Puberty is the gateway to adult reproductive competence, encompassing a suite of complex, integrative, and coordinated changes in neuroendocrine functions. However, the regulatory mechanisms of transcriptional reprogramming in the arcuate nucleus (
ARC) during onset of puberty are still not fully understood. To understand the role of epigenetics in regulating gene expression, mouse hypothalamic
ARCs were isolated at 4 and 8 weeks, and the transcriptome,
DNA hydroxymethylation, DNA methylation, and
chromatin accessibility were assessed via
RNA sequencing (
RNA-seq), reduced representation
bisulfite sequencing (RRBS-seq), reduced representation hydroxymethylation profiling (RRHP)-seq, and assay for
transposase-accessible
chromatin (ATAC-seq), respectively.
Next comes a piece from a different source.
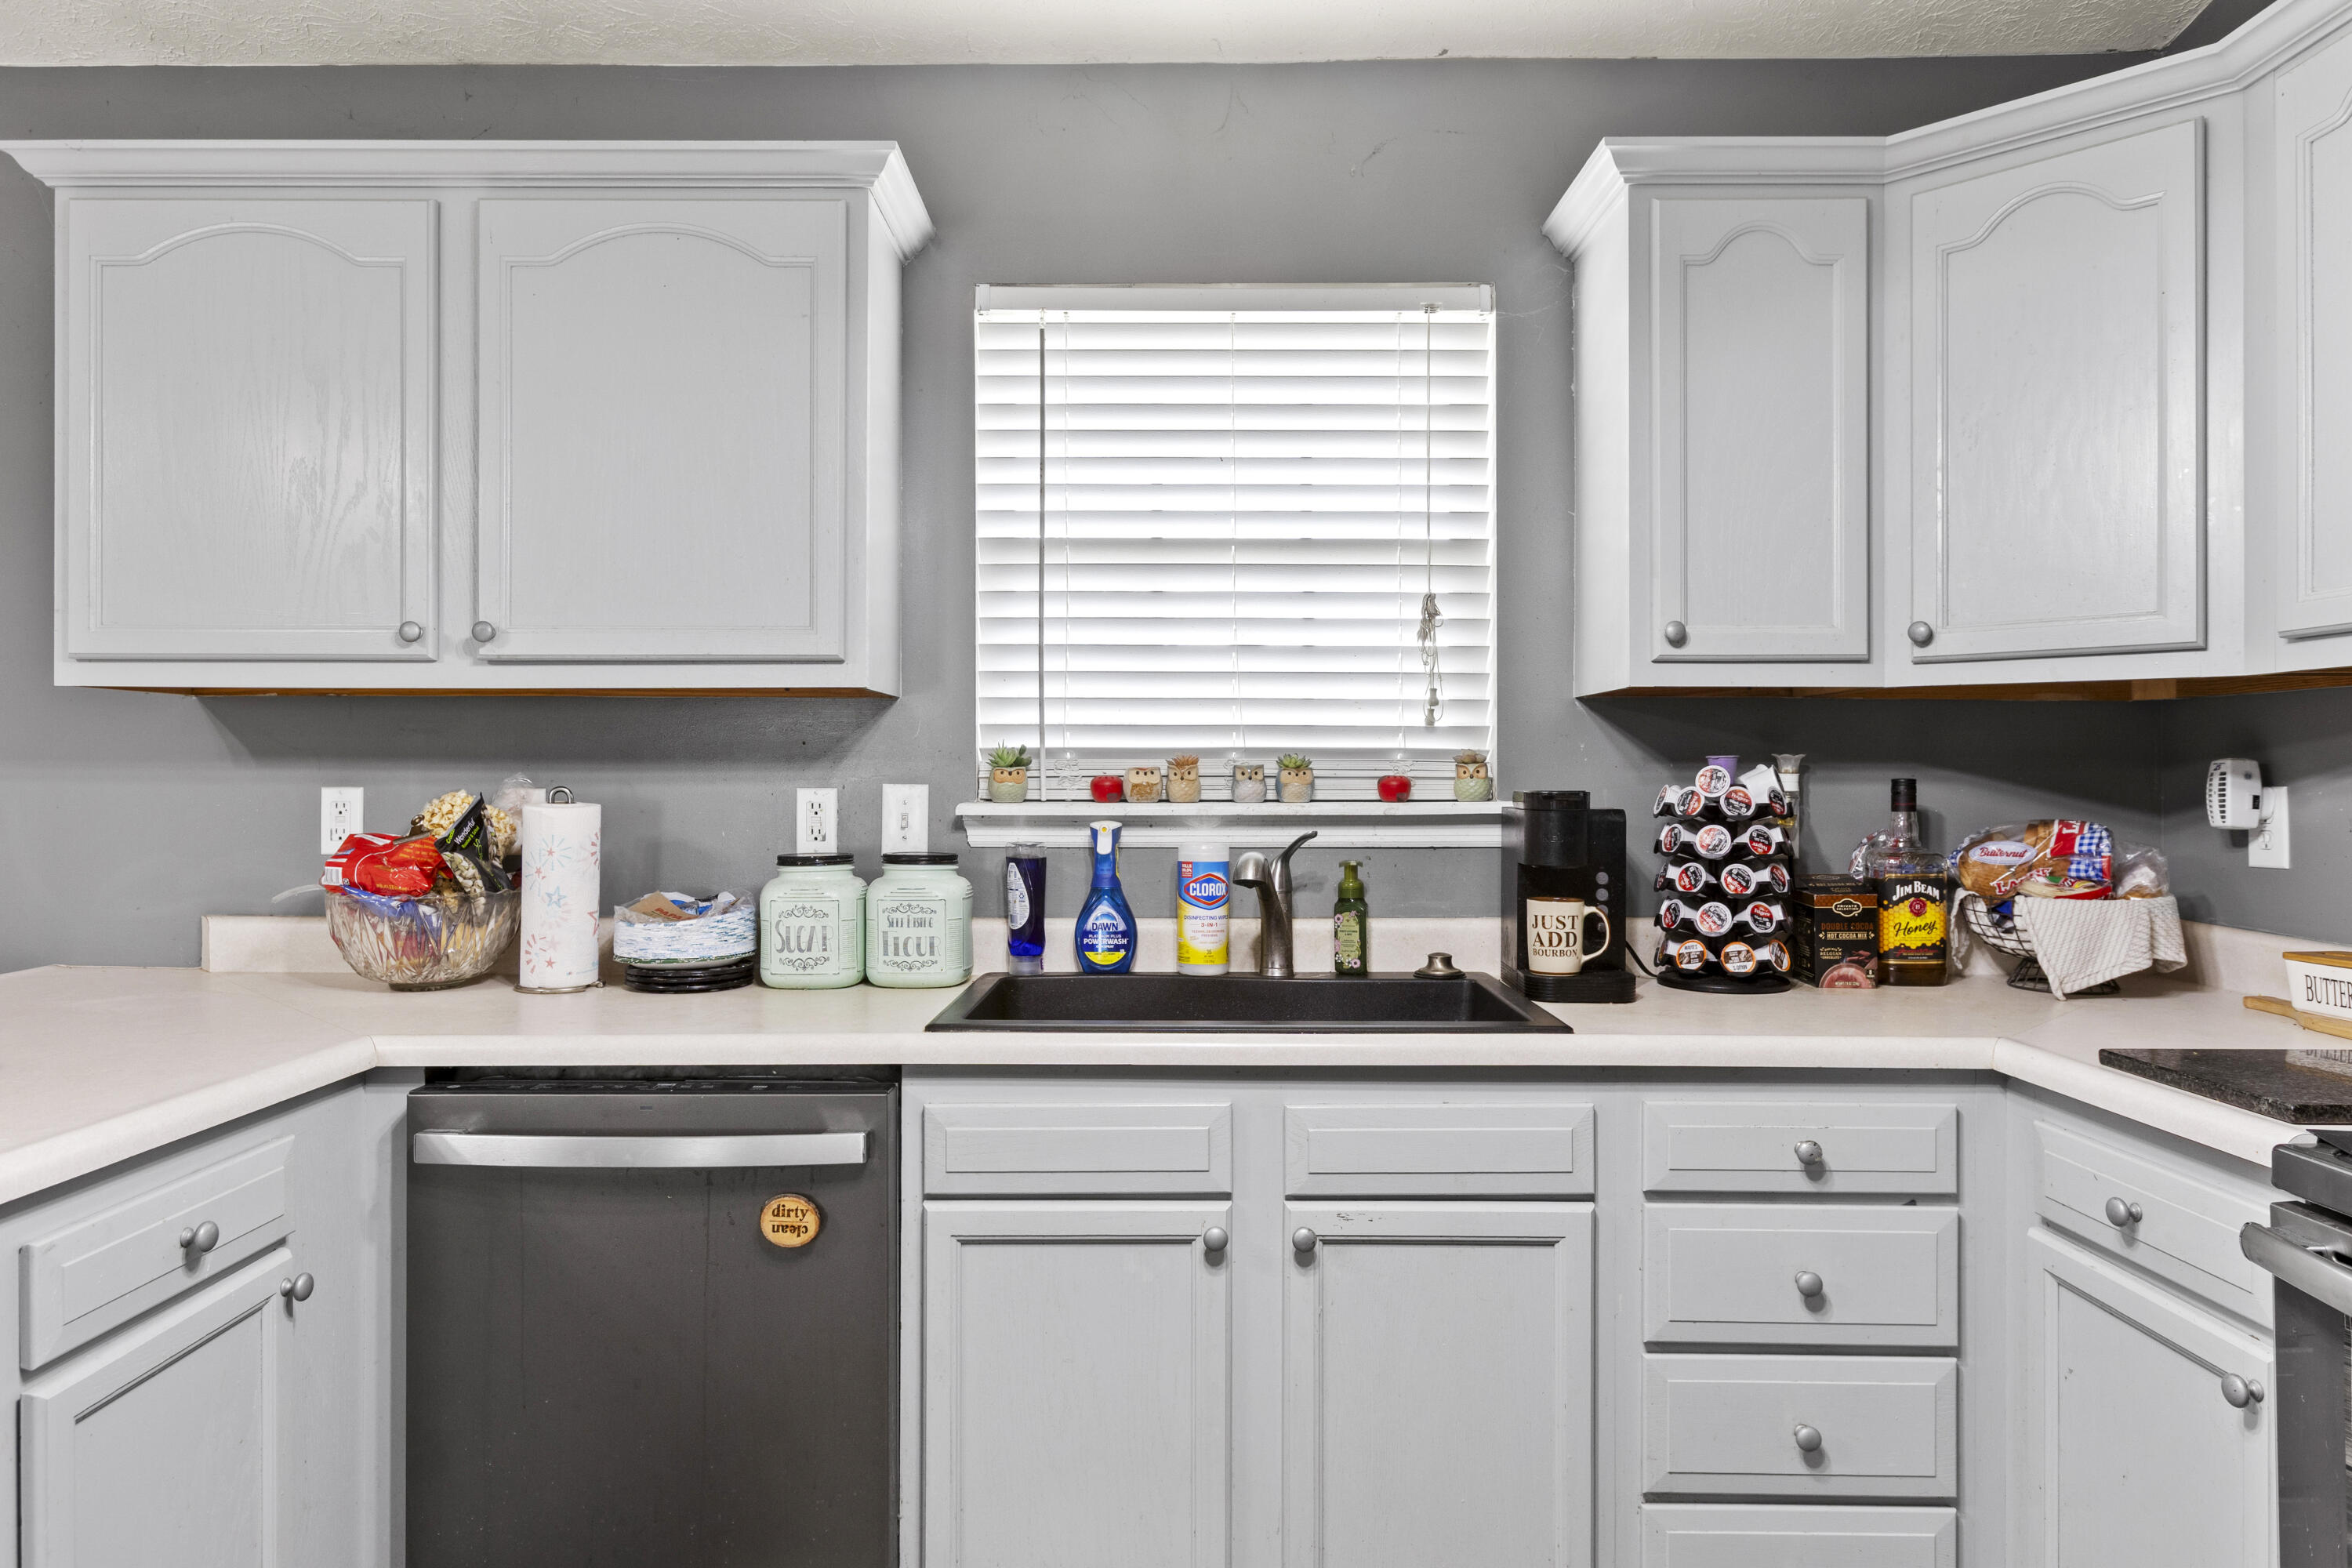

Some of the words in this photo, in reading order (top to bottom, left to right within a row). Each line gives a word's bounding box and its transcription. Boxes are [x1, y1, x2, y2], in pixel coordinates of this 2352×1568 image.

The overall
DNA hydroxymethylation and DNA methylation changes in
retroelements (REs) were associated with gene expression modeling for puberty in the
ARC. We focused on analyzing
DNA hydroxymethylation and DNA methylation at two short interspersed nuclear elements (SINEs) located on the promoter of the
5-hydroxytryptamine receptor 6 (Htr6) gene and the enhancer of the
KISS-1 metastasis suppressor (Kiss1) gene and investigated their regulatory roles in gene expression. Our data uncovered a novel epigenetic mechanism by which SINEs regulate gene expression during puberty.